=== EXERCISE DETAILS ===
An exact copy of the entries is needed, with every picture left out.

[SUPPLIED RECORDS]

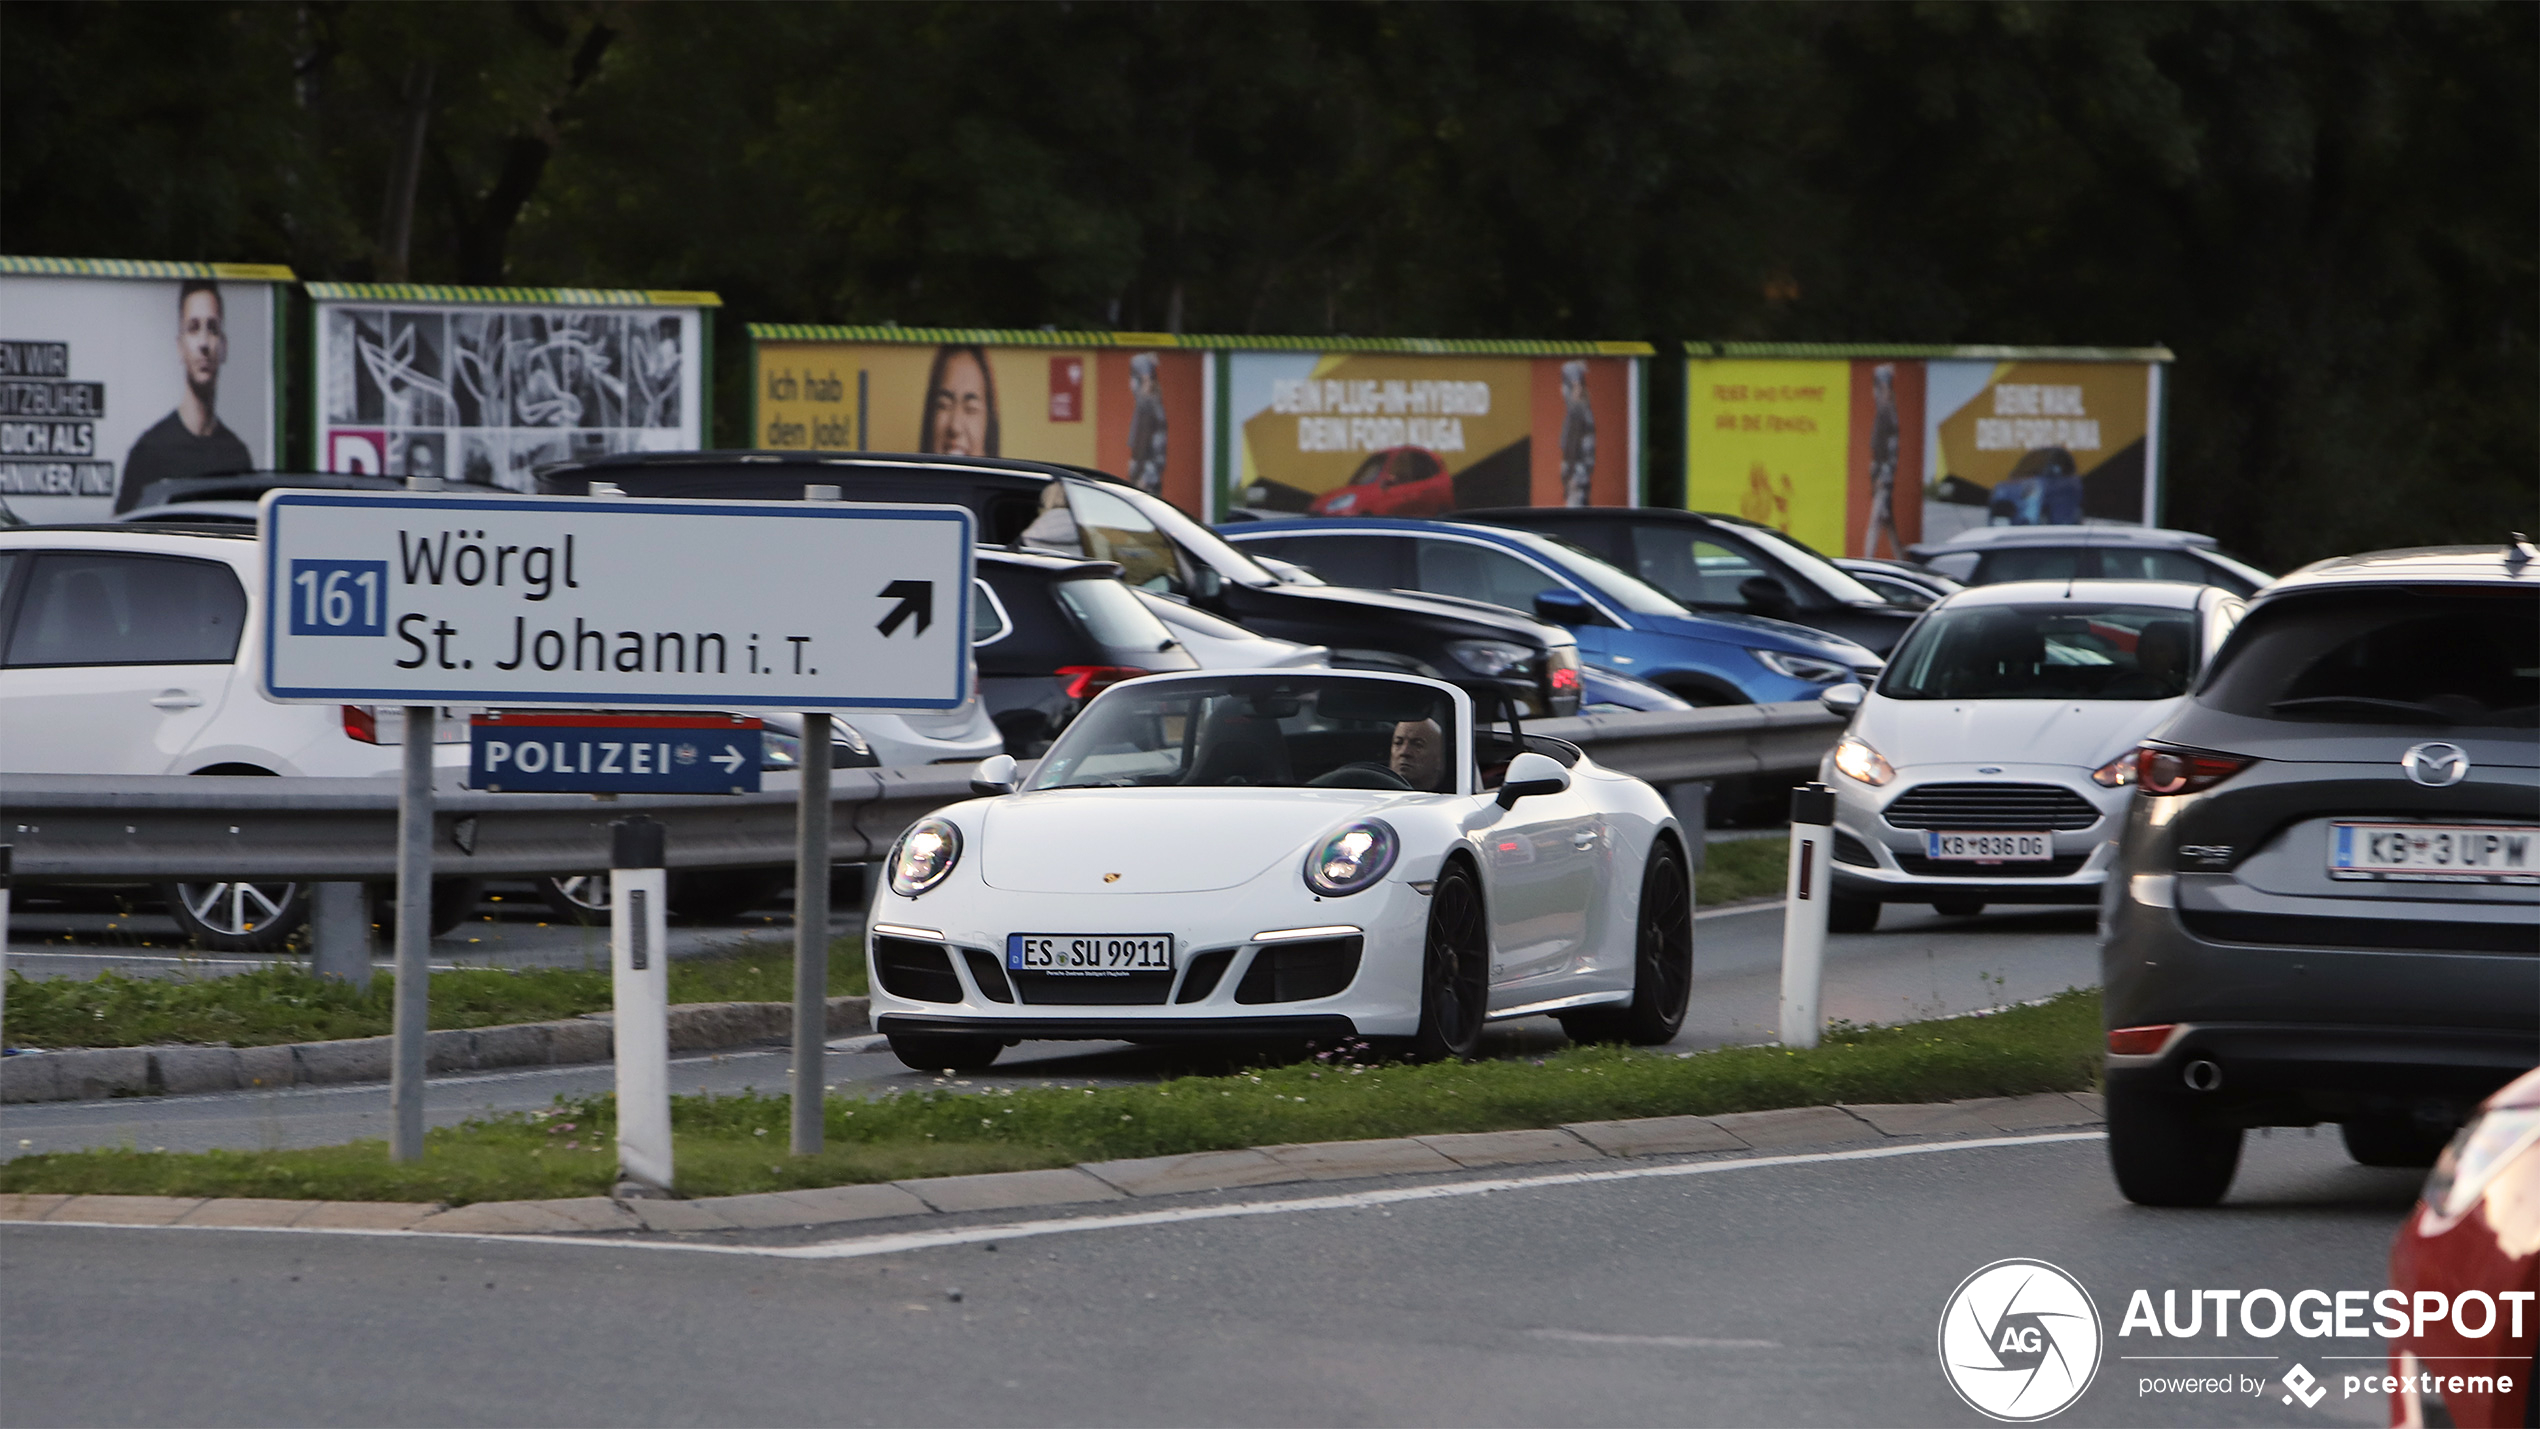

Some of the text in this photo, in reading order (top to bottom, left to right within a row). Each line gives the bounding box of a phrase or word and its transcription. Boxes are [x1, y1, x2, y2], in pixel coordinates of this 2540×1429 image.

[23, 344, 64, 376] WIR
[768, 369, 843, 403] Ich hab
[1272, 378, 1491, 416] DEIN PLUG-IN-HYBRID
[1, 422, 92, 455] DICH ALS
[767, 412, 806, 447] den
[1298, 416, 1348, 452] DEIN
[1351, 416, 1405, 451] FORD
[398, 529, 578, 601] Wörgl
[294, 569, 378, 626] 161
[394, 612, 818, 676] St. Johann i. T.
[485, 741, 670, 775] POLIZEI
[1942, 836, 1965, 855] KB
[1979, 837, 2015, 855] 836
[2369, 832, 2408, 864] KB
[1024, 940, 1167, 966] ES SU 9911
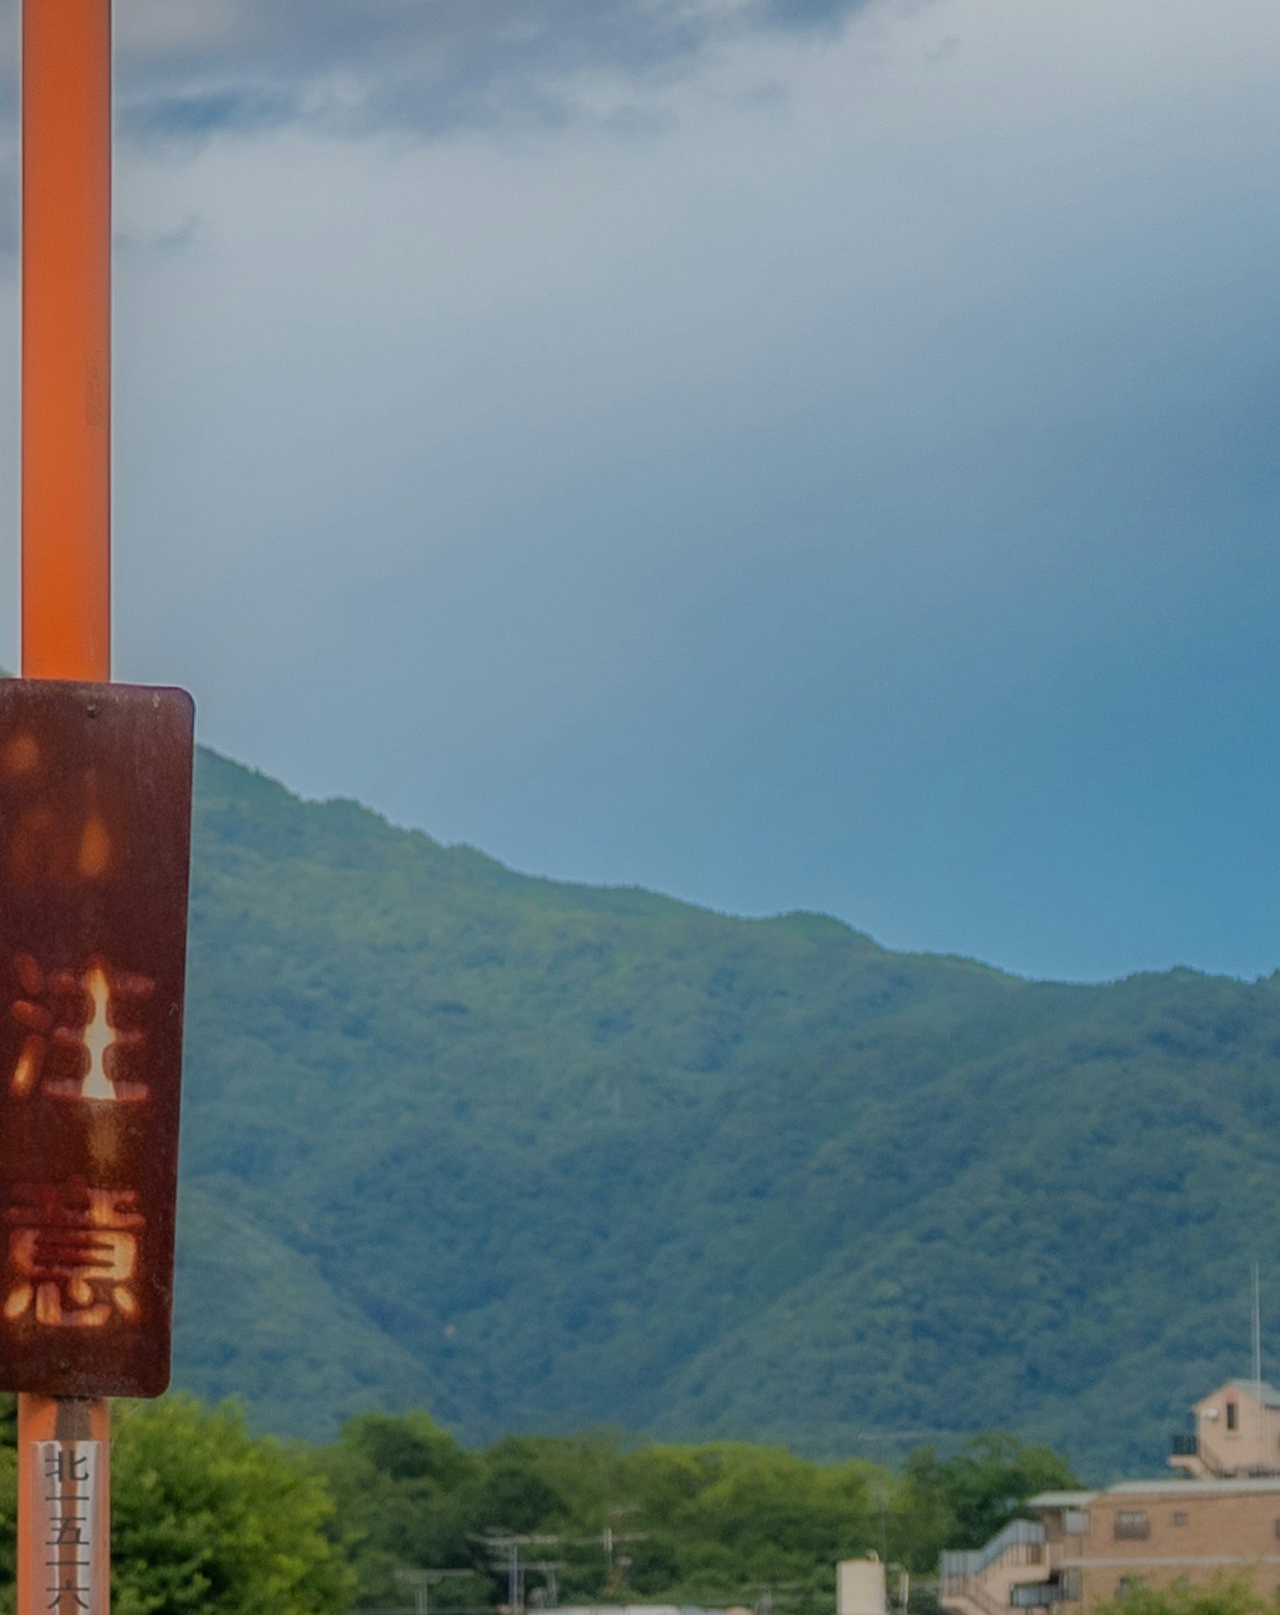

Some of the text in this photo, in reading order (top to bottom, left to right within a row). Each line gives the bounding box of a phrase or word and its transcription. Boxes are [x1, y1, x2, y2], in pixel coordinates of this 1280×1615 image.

[/SUPPLIED RECORDS]

=== RESULT BELOW ===
Some of the text in this photo, in reading order (top to bottom, left to right within a row). Each line gives the bounding box of a phrase or word and its transcription. Boxes are [x1, y1, x2, y2], in pixel coordinates of this 2540×1429 image.

[23, 344, 64, 376] WIR
[768, 369, 843, 403] Ich hab
[1272, 378, 1491, 416] DEIN PLUG-IN-HYBRID
[1, 422, 92, 455] DICH ALS
[767, 412, 806, 447] den
[1298, 416, 1348, 452] DEIN
[1351, 416, 1405, 451] FORD
[398, 529, 578, 601] Wörgl
[294, 569, 378, 626] 161
[394, 612, 818, 676] St. Johann i. T.
[485, 741, 670, 775] POLIZEI
[1942, 836, 1965, 855] KB
[1979, 837, 2015, 855] 836
[2369, 832, 2408, 864] KB
[1024, 940, 1167, 966] ES SU 9911

Some of the text in this photo, in reading order (top to bottom, left to right within a row). Each line gives the bounding box of a phrase or word and its transcription. Boxes are [x1, y1, x2, y2], in pixel coordinates of this 1280×1615 image.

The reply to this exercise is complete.